JONATHAN COHN APRIL 19, 2012
It’s bad enough that five justices of the Supreme Court, in their deliberations over health care reform, seem to be contemplating legal arguments that jurists haven’t taken seriously for nearly a hundred years. Will they also base their decision on fundamental misconceptions about the Affordable Care Act?
The answer may be yes, thanks to some apparent confusion over the availability of “catastrophic” health plans. Several other writers* have pointed out this error. But it’s so fundamental, and so indicative of the Court’s potentially faulty logic, that I think it’s worth another look.
As the name implies, catastrophic coverage refers to insurance designed to protect consumers only from the most severe medical bills, the kind you get from a serious accident or injury. Typically catastrophic policies leave you with significant out-of-pocket costs for doctor visits, prescription drugs, and even hospital stays—with comprehensive coverage kicking in only after you’ve spent well into four or, for a family, low five figures. Because these policies cover less, they also cost less.

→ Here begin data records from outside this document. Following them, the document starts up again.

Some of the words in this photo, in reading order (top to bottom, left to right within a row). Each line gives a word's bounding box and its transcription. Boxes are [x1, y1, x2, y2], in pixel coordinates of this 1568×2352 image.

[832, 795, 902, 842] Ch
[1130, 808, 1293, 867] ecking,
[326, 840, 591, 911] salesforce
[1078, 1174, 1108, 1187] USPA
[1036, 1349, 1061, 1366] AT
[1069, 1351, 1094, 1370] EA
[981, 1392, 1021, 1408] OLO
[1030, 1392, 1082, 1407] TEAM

Liberals like me tend to be wary of government encouraging use of catastrophic plans. We worry that people will economize poorly, skimping on beneficial preventative care, and that the migration of healthy people into catastrophic plans will will drive up the cost of coverage for everybody else. Conservatives take the opposite view: They think catastrophic plans will encourage people to become smarter, thriftier health care consumers—thereby making health care, and insurance, less expensive overall.
For a while now, conservatives have focused on the supposed lack of catastrophic options in the Affordable Care Act as one of the law’s major flaws. And during oral arguments, conservative lawyers turned this policy criticism into a constitutional one: By forcing everybody to buy more comprehensive coverage, they argued, the government was effectively forcing people to engage in a certain kind of commerce. Several conservatives justices signaled, through their questioning, they agreed.

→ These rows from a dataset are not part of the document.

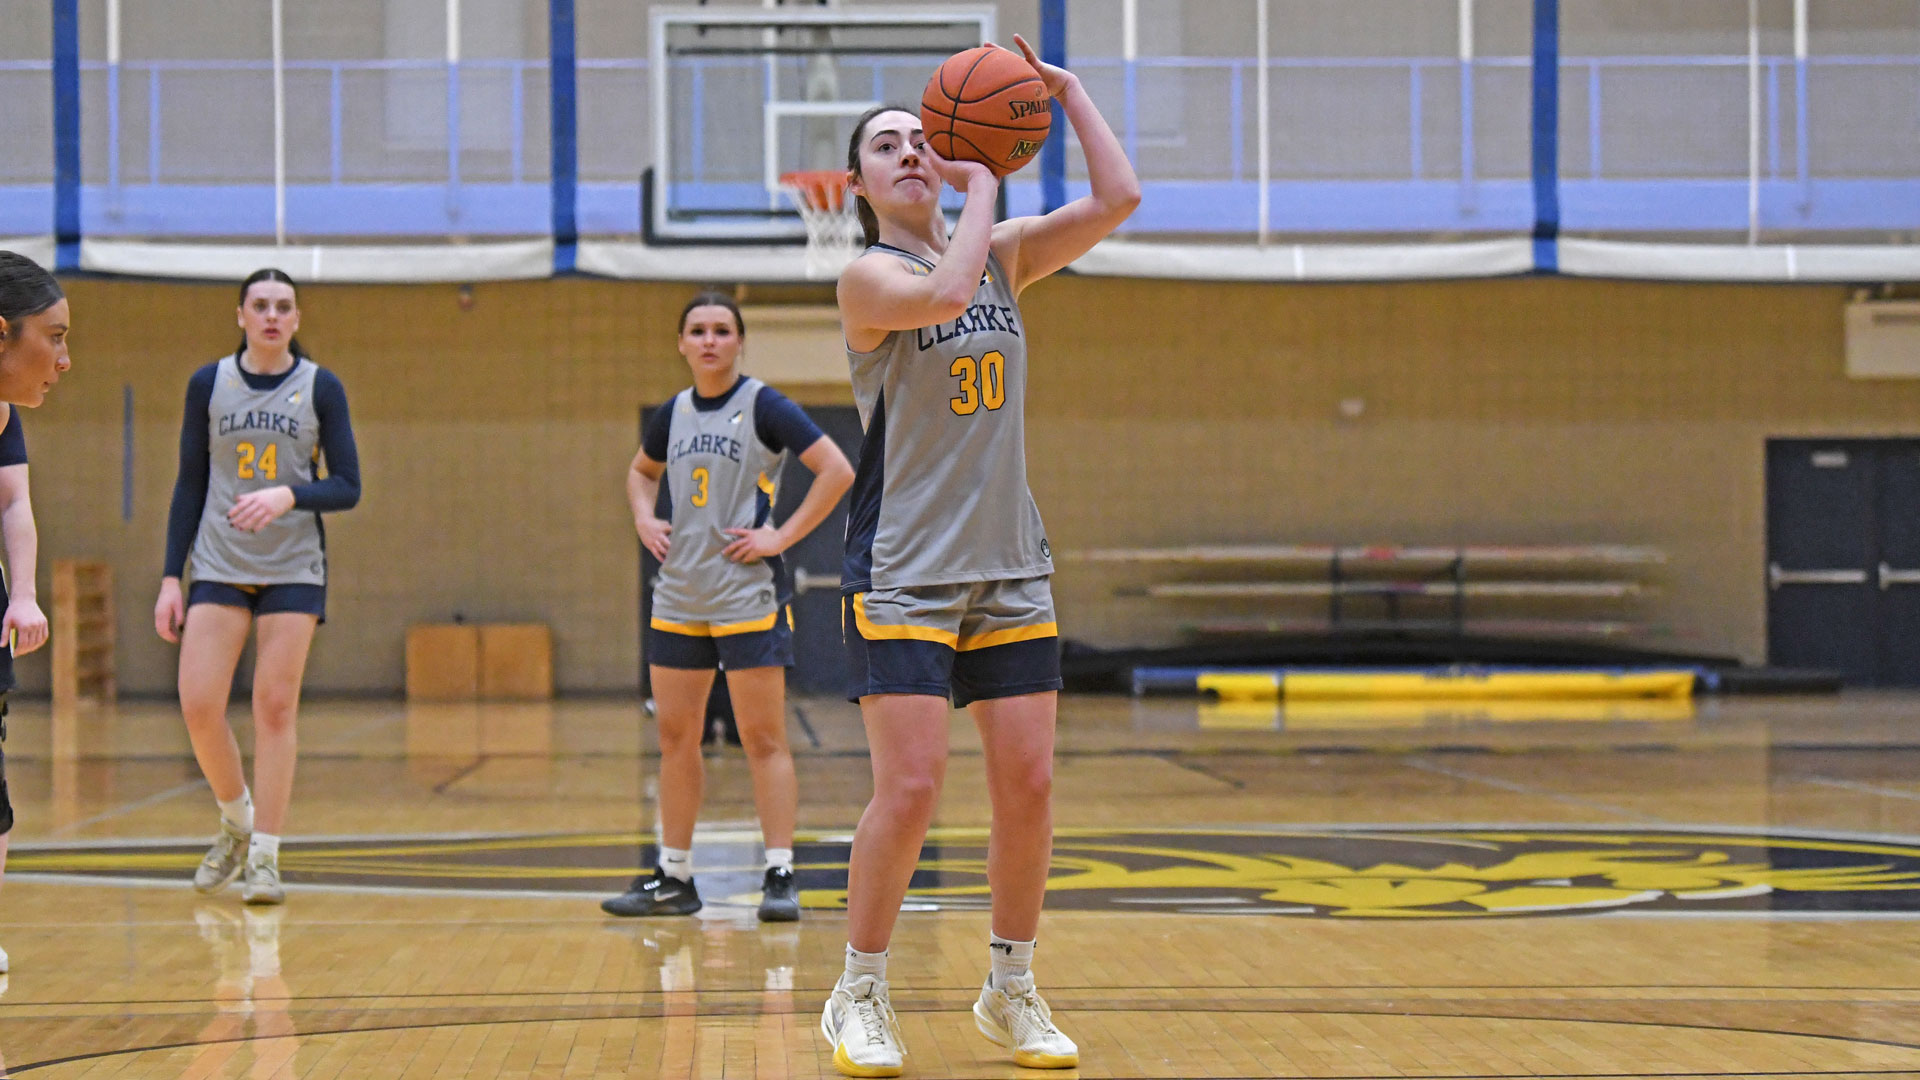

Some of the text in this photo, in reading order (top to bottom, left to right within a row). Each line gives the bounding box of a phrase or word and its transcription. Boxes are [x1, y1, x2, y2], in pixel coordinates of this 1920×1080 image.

[917, 304, 1020, 351] CLARKE
[950, 350, 1006, 416] 30
[218, 411, 299, 440] CLARKE
[236, 442, 278, 480] 24
[670, 434, 742, 465] CLARKE
[691, 467, 709, 507] 3

But the premise happens to be wrong. Yes, the law establishes a level of benefits that all insurance plans must meet or exceed. But it’s not a particularly high standard. It’s an actuarial value of 60 percent, which means, roughly speaking, insurance that would cover 60 percent of the average person’s medical expenses. For a family of four buying coverage through the new insurance exchanges, the out-of-pocket expenses could be as high as $12,500. People under 30, meanwhile, will have access to even skimpier plans that are roughly equivalent to the catastrophic options now available to people who use federally qualified health savings accounts. Again, this is not something that makes liberals like me happy (although most people will likely still end up with better coverage, in the case of low-income people with the help of subsidies). But it ought to satisfy the conservative critics who think the law should guarantee only catastrophic coverage.

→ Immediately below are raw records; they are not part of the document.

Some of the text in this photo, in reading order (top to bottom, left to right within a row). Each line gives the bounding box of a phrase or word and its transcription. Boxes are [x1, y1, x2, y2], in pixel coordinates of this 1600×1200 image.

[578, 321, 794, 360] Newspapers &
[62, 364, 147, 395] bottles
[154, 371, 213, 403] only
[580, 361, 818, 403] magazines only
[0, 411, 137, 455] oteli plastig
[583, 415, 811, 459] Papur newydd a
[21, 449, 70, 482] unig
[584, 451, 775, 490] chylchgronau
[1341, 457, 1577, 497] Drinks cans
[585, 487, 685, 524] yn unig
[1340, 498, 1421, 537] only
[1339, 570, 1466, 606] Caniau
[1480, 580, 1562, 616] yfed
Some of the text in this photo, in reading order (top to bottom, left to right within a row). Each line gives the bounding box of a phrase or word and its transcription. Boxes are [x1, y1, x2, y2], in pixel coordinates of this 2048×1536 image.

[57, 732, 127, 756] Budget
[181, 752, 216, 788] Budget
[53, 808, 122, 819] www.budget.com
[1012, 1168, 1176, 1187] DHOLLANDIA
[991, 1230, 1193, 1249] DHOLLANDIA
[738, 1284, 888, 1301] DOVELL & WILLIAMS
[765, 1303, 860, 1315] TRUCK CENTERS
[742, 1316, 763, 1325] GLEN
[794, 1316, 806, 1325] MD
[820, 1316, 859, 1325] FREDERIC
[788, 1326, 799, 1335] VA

Of course, I don’t actually think this issue should matter to the Court one way or the other. Even if the Affordable Care Act didn’t have a catastrophic coverage option and established a higher standard for benefits, you could make the same constitutional arguments for it—that the law is a perfectly reasonable exercise of federal power to tax, regulate interstate commerce, and do what is “necessary and proper” for carrying out its duties. But if the justices don’t find those arguments convincing and think the presence of a catastrophic plan matters, then they should give the law a closer look before ruling against it.